- _EXERCISE OBJECTIVE_: Repeat the entries exactly but omit the pictures.

======

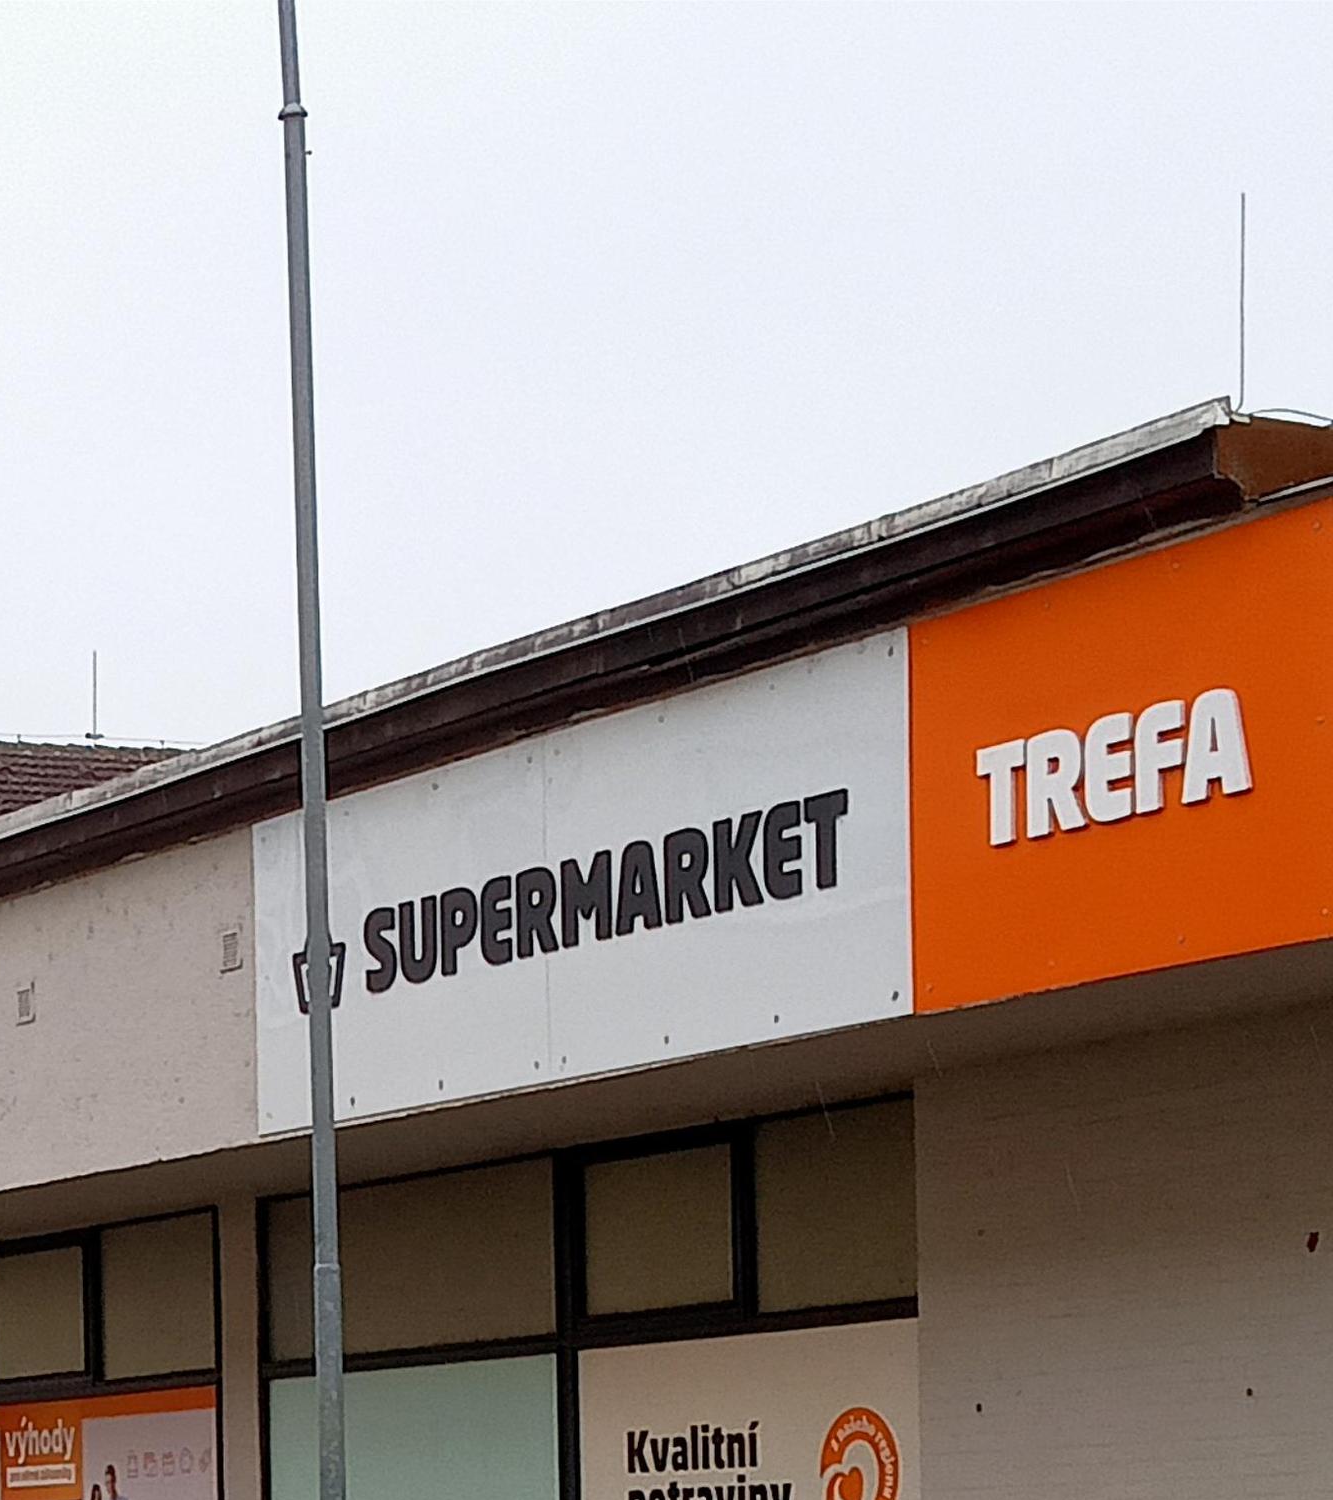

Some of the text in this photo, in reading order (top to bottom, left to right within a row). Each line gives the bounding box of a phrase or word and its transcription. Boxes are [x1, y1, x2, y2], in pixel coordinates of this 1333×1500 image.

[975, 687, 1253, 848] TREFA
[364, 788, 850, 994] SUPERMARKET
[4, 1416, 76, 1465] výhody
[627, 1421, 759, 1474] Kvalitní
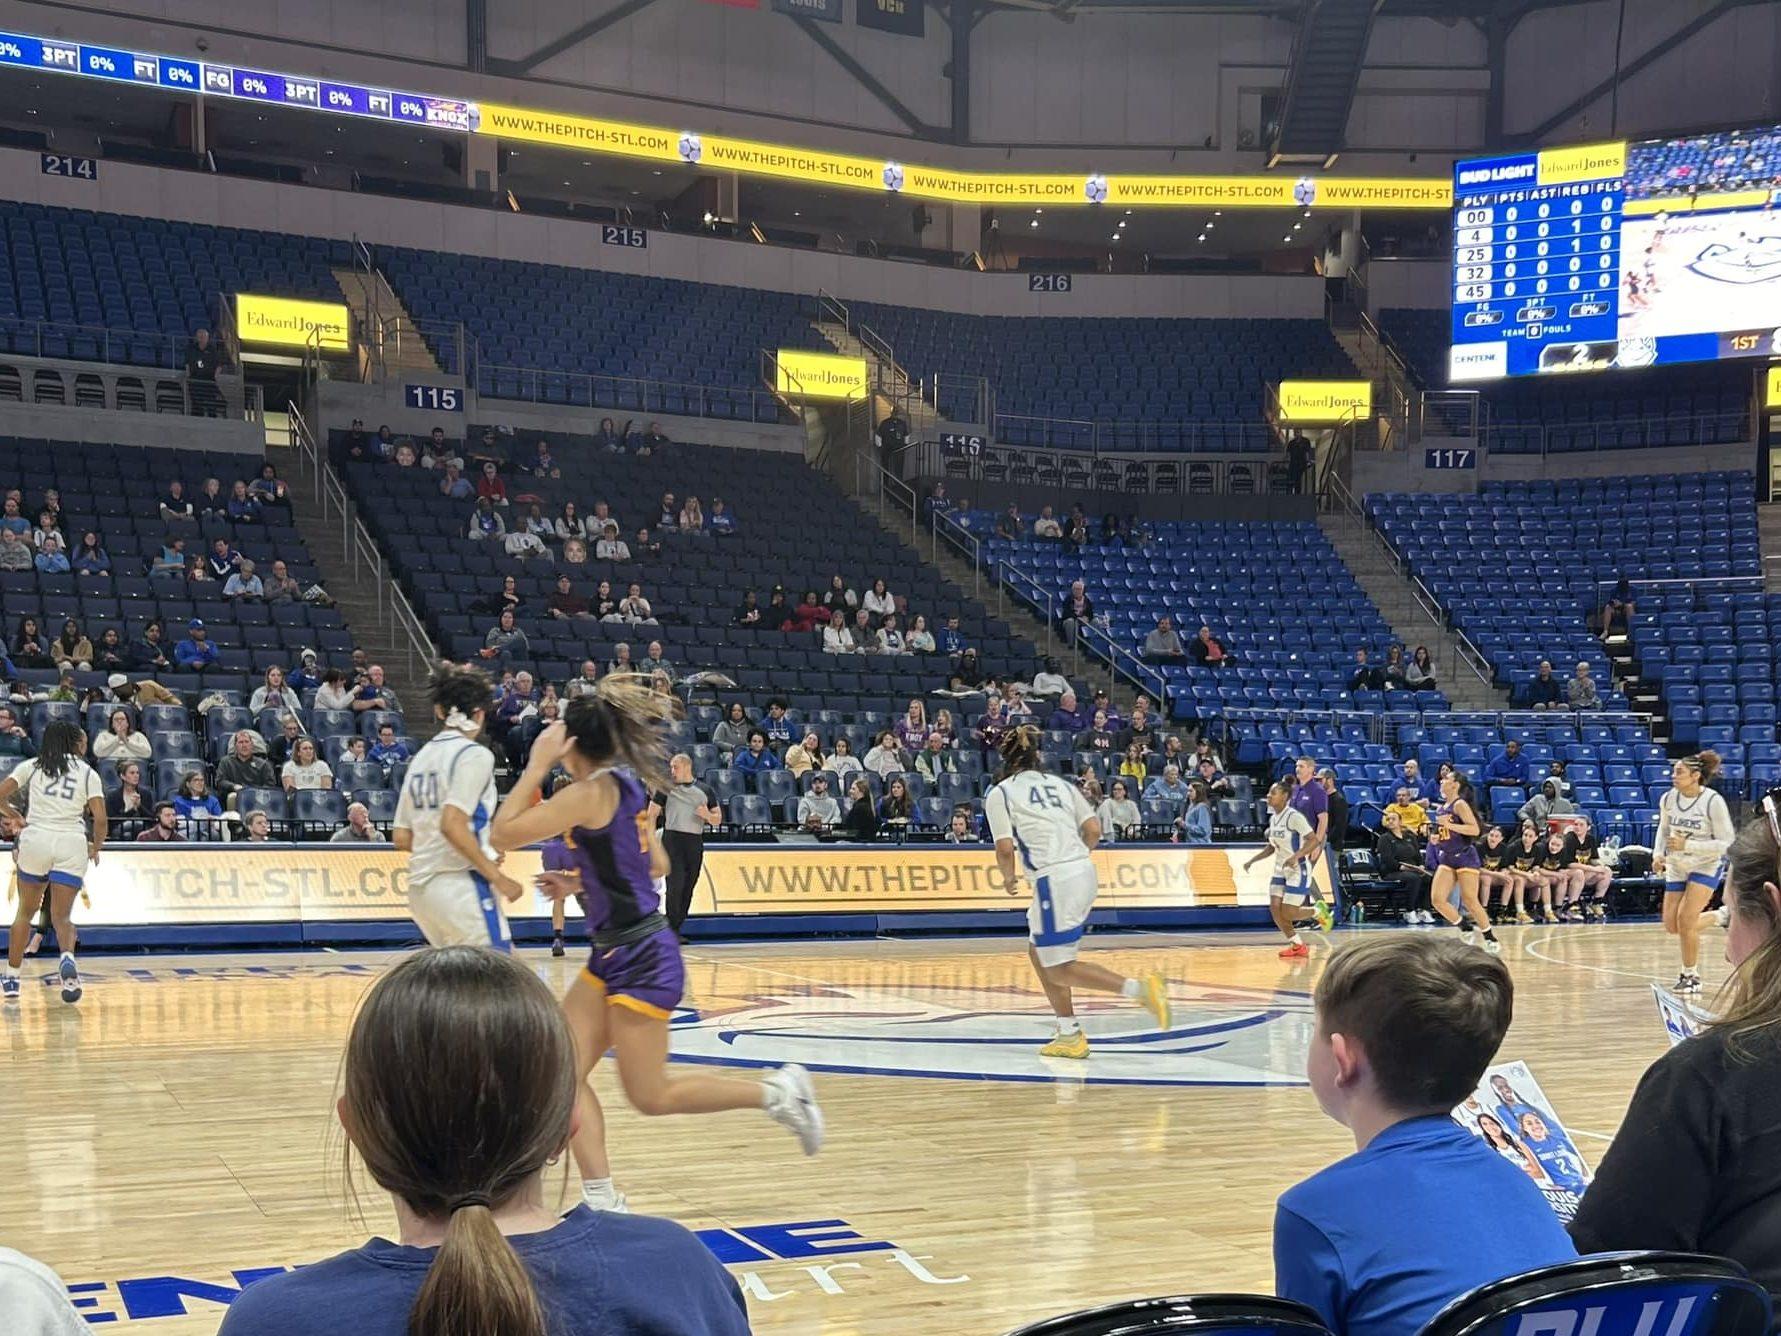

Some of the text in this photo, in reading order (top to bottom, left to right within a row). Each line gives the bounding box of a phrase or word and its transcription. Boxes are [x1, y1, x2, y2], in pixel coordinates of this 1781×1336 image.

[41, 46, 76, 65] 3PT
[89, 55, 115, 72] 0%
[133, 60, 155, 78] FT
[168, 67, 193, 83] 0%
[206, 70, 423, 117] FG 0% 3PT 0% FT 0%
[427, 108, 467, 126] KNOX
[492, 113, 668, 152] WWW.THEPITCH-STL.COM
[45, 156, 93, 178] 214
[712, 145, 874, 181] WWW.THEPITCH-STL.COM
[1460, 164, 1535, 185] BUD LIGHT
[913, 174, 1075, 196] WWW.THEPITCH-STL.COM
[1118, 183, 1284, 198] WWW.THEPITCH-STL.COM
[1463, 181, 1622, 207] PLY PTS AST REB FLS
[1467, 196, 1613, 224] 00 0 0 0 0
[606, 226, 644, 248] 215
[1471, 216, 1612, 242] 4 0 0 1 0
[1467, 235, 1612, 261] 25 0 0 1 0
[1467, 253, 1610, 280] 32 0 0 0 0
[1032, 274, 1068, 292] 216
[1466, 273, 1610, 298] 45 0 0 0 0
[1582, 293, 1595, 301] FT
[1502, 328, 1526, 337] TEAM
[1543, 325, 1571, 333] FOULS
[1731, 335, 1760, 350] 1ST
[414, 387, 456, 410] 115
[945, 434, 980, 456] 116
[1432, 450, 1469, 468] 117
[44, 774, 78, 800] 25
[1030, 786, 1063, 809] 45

======

- _OUTPUT FOR THIS EXERCISE_:
Some of the text in this photo, in reading order (top to bottom, left to right within a row). Each line gives the bounding box of a phrase or word and its transcription. Boxes are [x1, y1, x2, y2], in pixel coordinates of this 1333×1500 image.

[975, 687, 1253, 848] TREFA
[364, 788, 850, 994] SUPERMARKET
[4, 1416, 76, 1465] výhody
[627, 1421, 759, 1474] Kvalitní

Some of the text in this photo, in reading order (top to bottom, left to right within a row). Each line gives the bounding box of a phrase or word and its transcription. Boxes are [x1, y1, x2, y2], in pixel coordinates of this 1781×1336 image.

[41, 46, 76, 65] 3PT
[89, 55, 115, 72] 0%
[133, 60, 155, 78] FT
[168, 67, 193, 83] 0%
[206, 70, 423, 117] FG 0% 3PT 0% FT 0%
[427, 108, 467, 126] KNOX
[492, 113, 668, 152] WWW.THEPITCH-STL.COM
[45, 156, 93, 178] 214
[712, 145, 874, 181] WWW.THEPITCH-STL.COM
[1460, 164, 1535, 185] BUD LIGHT
[913, 174, 1075, 196] WWW.THEPITCH-STL.COM
[1118, 183, 1284, 198] WWW.THEPITCH-STL.COM
[1463, 181, 1622, 207] PLY PTS AST REB FLS
[1467, 196, 1613, 224] 00 0 0 0 0
[606, 226, 644, 248] 215
[1471, 216, 1612, 242] 4 0 0 1 0
[1467, 235, 1612, 261] 25 0 0 1 0
[1467, 253, 1610, 280] 32 0 0 0 0
[1032, 274, 1068, 292] 216
[1466, 273, 1610, 298] 45 0 0 0 0
[1582, 293, 1595, 301] FT
[1502, 328, 1526, 337] TEAM
[1543, 325, 1571, 333] FOULS
[1731, 335, 1760, 350] 1ST
[414, 387, 456, 410] 115
[945, 434, 980, 456] 116
[1432, 450, 1469, 468] 117
[44, 774, 78, 800] 25
[1030, 786, 1063, 809] 45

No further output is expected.